▸ ABOUT THIS TASK:
Look through the data below and, wherever a line carries the word "LAYERS", please copy that line.

▸ RECORDS PROVIDED:

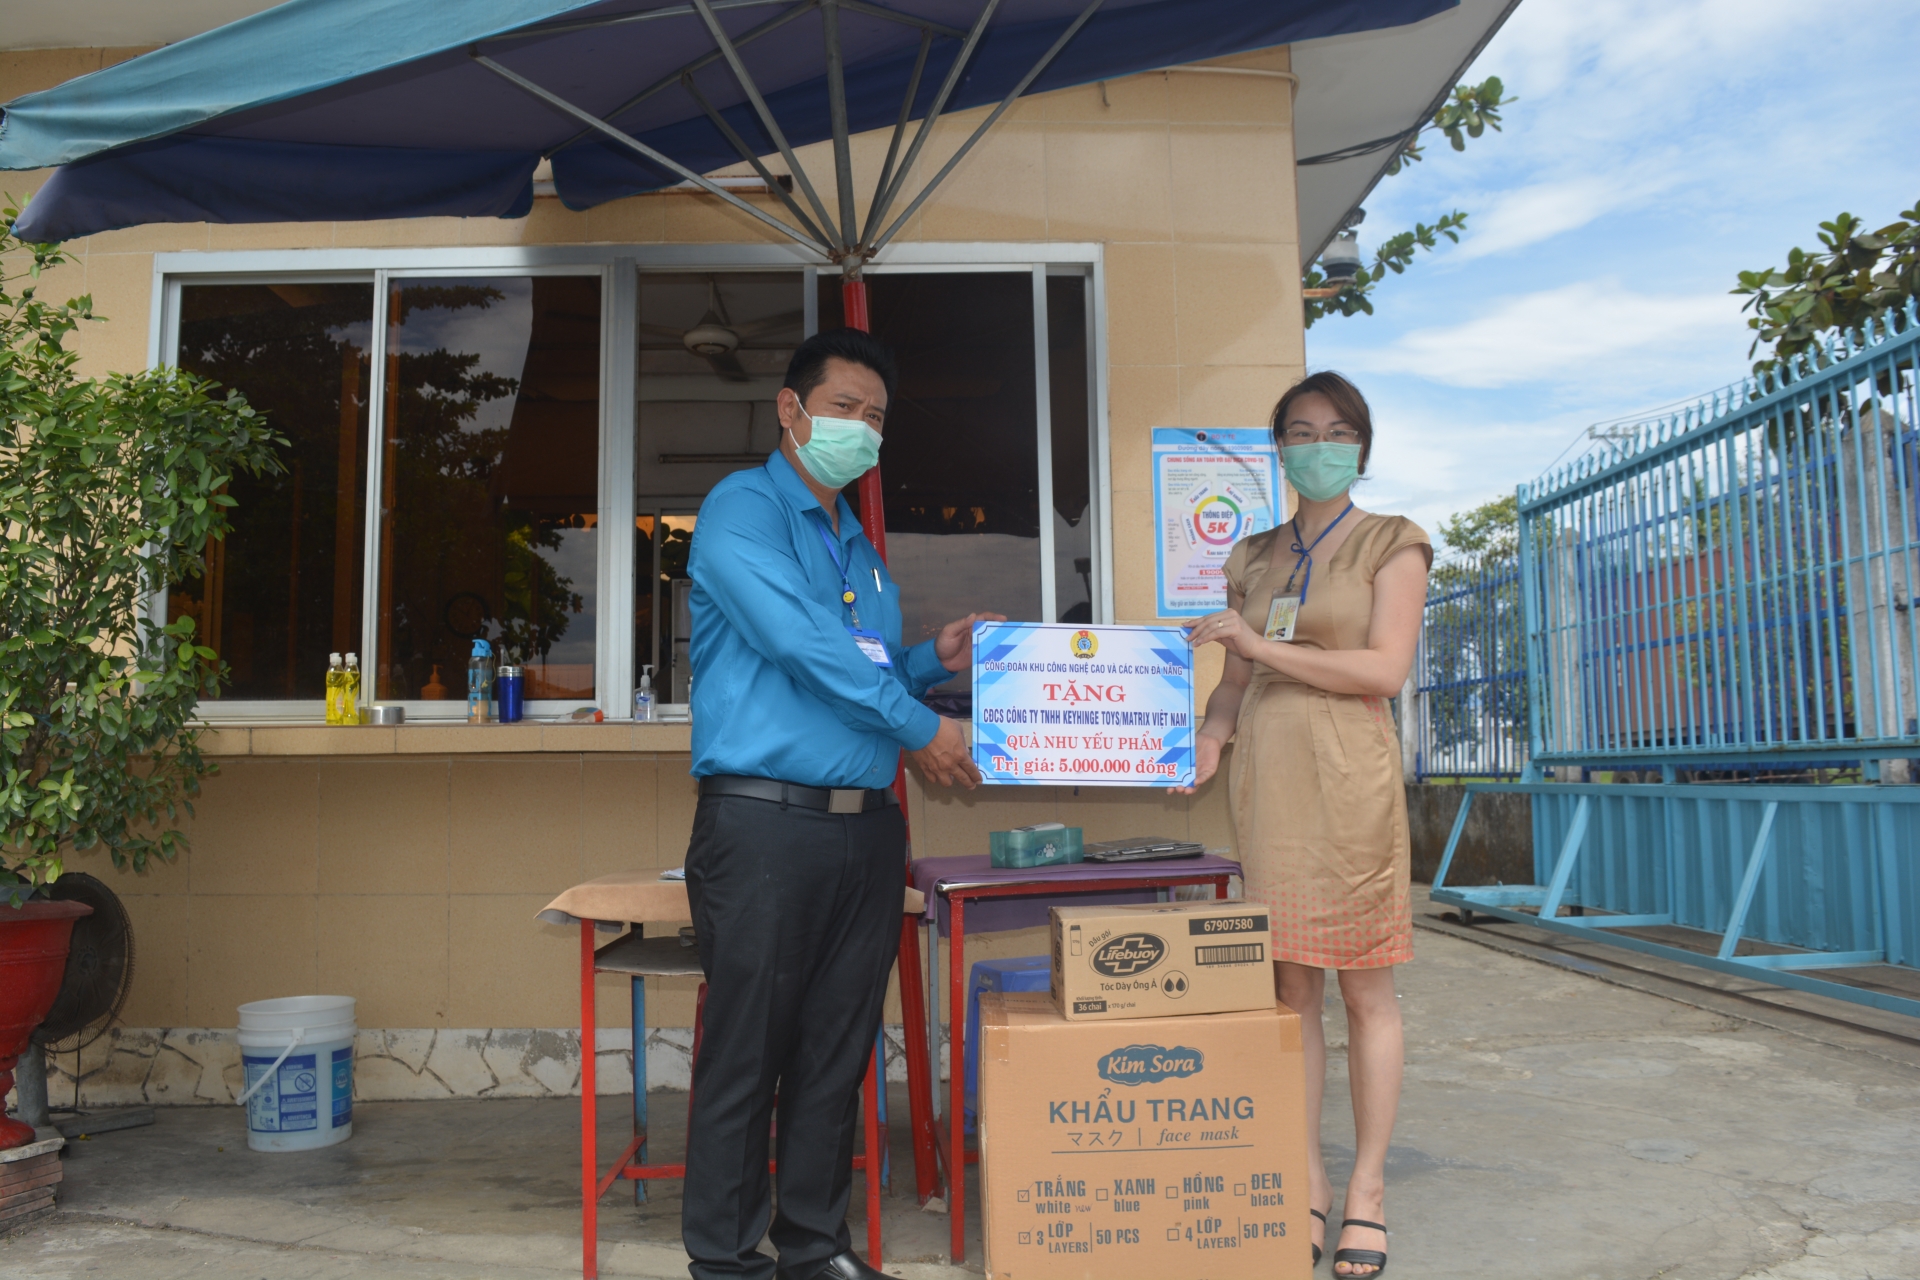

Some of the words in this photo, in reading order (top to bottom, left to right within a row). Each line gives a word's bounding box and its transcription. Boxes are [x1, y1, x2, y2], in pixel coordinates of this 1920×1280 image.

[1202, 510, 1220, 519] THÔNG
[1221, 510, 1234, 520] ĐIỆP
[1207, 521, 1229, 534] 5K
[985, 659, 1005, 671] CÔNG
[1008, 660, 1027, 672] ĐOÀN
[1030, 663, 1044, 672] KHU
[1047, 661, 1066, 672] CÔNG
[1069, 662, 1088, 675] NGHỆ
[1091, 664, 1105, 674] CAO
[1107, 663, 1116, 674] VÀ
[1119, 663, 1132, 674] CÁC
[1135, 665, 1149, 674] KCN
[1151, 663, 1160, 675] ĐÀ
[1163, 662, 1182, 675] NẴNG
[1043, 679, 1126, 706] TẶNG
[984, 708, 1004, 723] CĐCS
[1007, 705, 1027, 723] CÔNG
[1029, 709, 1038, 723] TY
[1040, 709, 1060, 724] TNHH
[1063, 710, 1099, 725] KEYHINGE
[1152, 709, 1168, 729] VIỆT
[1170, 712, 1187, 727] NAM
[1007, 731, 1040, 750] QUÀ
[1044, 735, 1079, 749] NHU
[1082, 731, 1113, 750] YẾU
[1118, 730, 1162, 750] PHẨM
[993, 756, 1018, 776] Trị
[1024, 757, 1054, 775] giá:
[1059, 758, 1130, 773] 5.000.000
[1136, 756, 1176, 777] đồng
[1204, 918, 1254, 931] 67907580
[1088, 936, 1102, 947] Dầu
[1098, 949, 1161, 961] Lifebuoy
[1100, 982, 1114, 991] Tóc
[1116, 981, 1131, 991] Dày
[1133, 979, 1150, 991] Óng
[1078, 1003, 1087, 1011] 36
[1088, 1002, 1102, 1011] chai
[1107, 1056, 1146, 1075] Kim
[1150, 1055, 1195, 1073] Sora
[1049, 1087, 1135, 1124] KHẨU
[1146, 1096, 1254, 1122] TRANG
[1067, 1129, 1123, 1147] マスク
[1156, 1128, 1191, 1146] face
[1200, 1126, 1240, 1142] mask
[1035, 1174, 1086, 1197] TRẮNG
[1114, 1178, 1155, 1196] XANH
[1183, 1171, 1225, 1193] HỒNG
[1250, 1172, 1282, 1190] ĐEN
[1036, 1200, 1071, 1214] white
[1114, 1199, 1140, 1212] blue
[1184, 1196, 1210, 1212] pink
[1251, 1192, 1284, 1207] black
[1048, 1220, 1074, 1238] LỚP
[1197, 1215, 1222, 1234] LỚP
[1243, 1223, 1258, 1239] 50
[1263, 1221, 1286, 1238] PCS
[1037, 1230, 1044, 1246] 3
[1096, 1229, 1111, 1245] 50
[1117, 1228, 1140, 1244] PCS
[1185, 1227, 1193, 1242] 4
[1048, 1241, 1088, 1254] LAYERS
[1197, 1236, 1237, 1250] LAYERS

▸ OUTPUT FOR THIS EXERCISE:
[1048, 1241, 1088, 1254] LAYERS
[1197, 1236, 1237, 1250] LAYERS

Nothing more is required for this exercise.